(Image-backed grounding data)

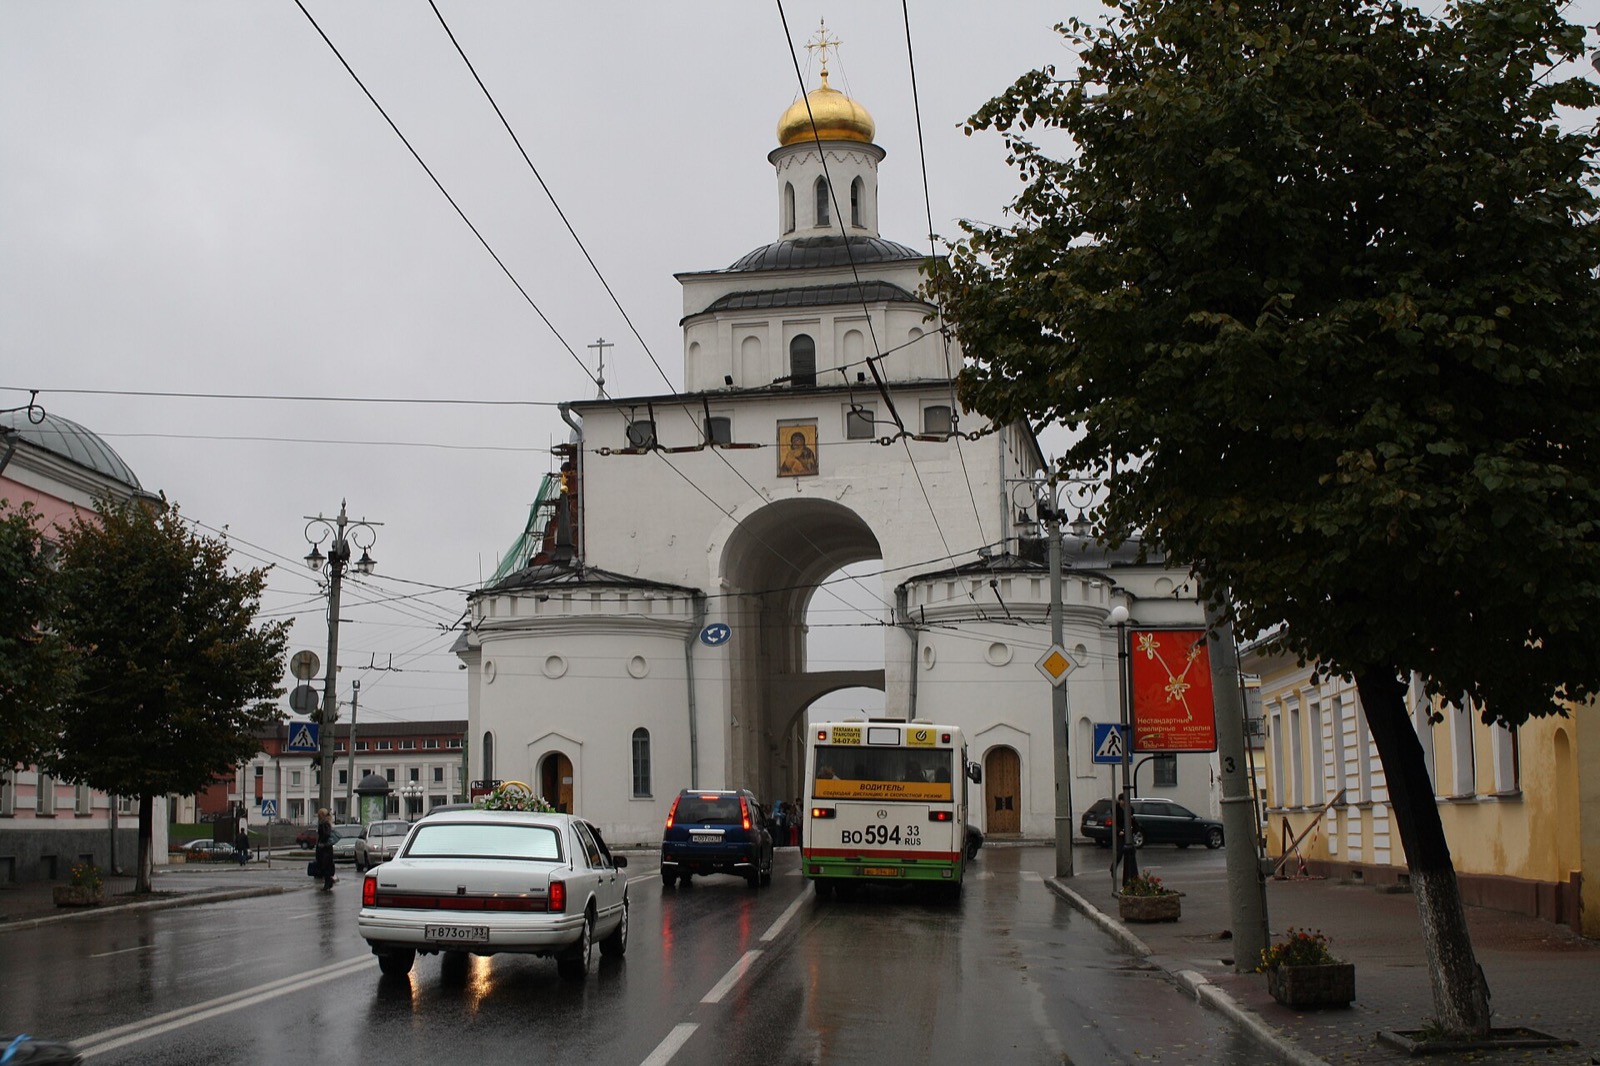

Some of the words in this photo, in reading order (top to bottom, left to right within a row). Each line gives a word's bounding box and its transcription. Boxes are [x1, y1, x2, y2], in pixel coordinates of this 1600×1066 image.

[1137, 717, 1190, 725] Нестандартные
[1225, 756, 1235, 773] 3
[860, 783, 905, 792] ВОДИТЕЛЬ!
[907, 825, 920, 836] 33
[904, 838, 922, 846] RUS

EXERCISE OBJECTIVE. Give the data again exactly. Keep the images out.

RESPONSE BOX.
Some of the words in this photo, in reading order (top to bottom, left to right within a row). Each line gives a word's bounding box and its transcription. Boxes are [x1, y1, x2, y2], in pixel coordinates of this 1600×1066 image.

[1137, 717, 1190, 725] Нестандартные
[1225, 756, 1235, 773] 3
[860, 783, 905, 792] ВОДИТЕЛЬ!
[907, 825, 920, 836] 33
[904, 838, 922, 846] RUS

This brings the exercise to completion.